───── PROVIDED RECORDS ─────
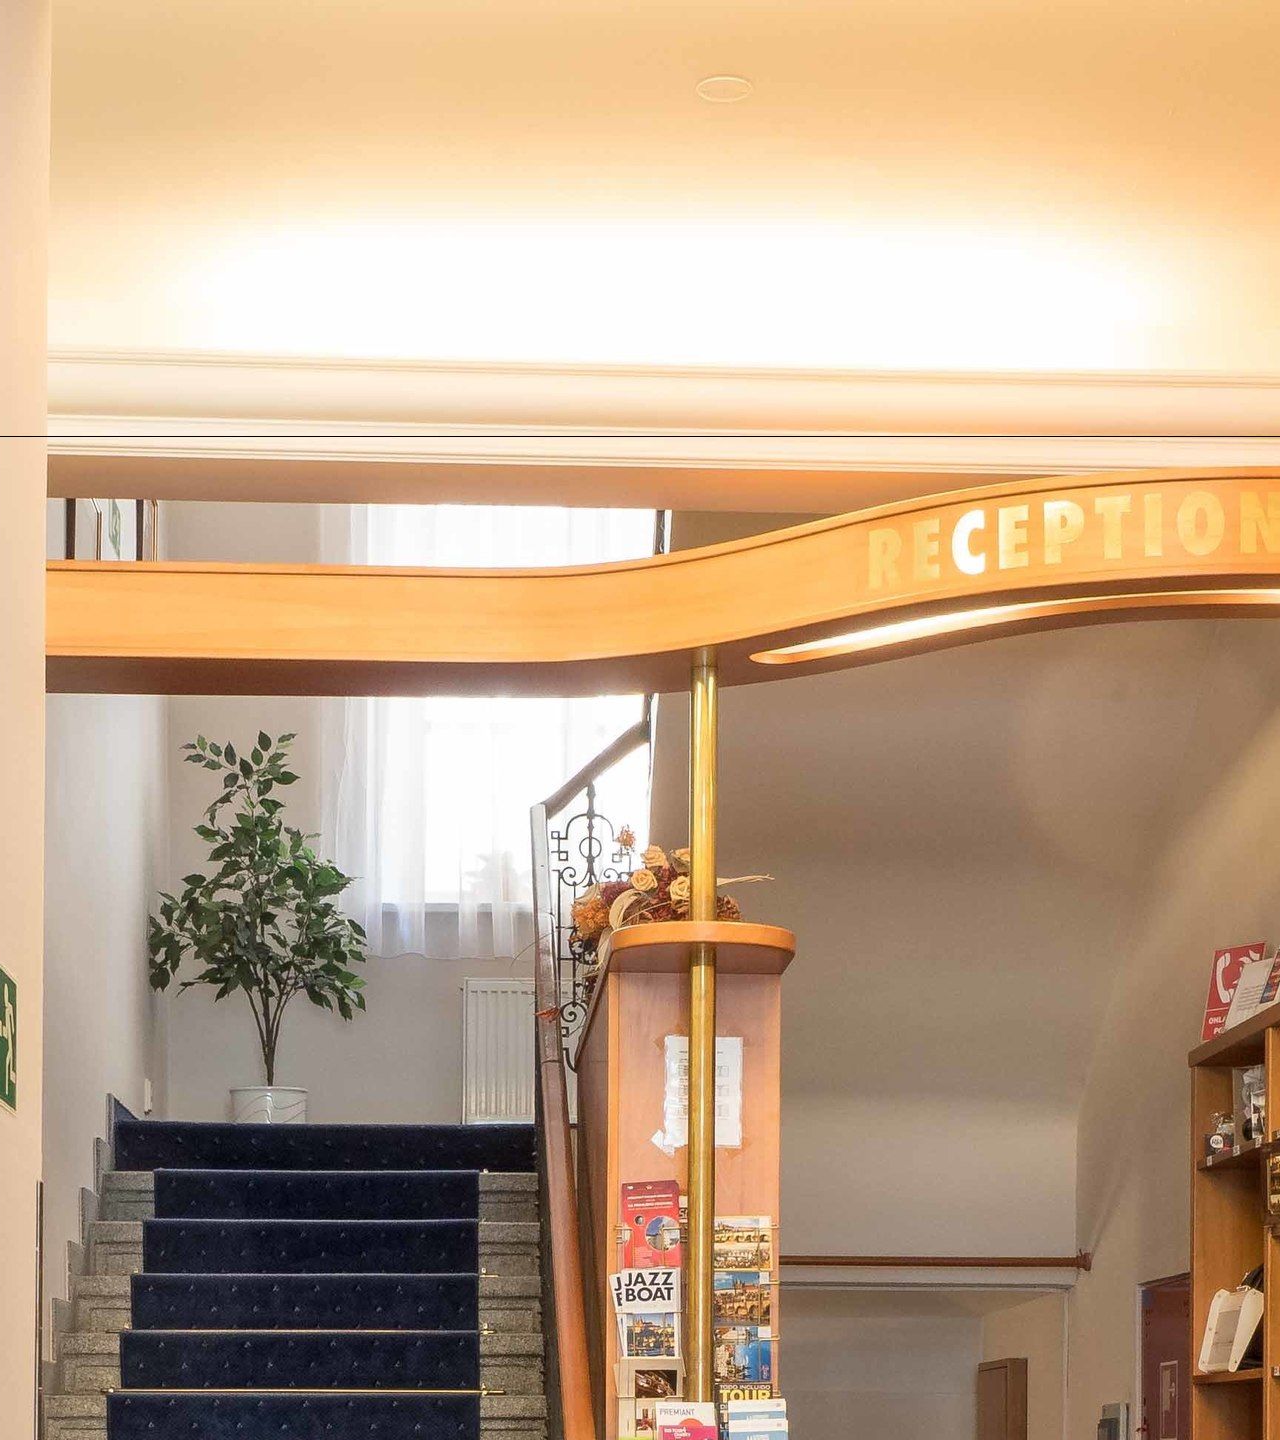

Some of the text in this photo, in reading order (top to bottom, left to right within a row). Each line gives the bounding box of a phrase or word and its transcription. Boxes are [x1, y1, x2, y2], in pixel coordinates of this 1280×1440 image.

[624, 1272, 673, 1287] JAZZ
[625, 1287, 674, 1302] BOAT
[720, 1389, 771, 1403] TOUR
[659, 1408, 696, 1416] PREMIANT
─────
> _ACTION ITEM_:
Except for the pictures, please retype the listing above exactly.

> _WRITTEN RESPONSE_:
Some of the text in this photo, in reading order (top to bottom, left to right within a row). Each line gives the bounding box of a phrase or word and its transcription. Boxes are [x1, y1, x2, y2], in pixel coordinates of this 1280×1440 image.

[624, 1272, 673, 1287] JAZZ
[625, 1287, 674, 1302] BOAT
[720, 1389, 771, 1403] TOUR
[659, 1408, 696, 1416] PREMIANT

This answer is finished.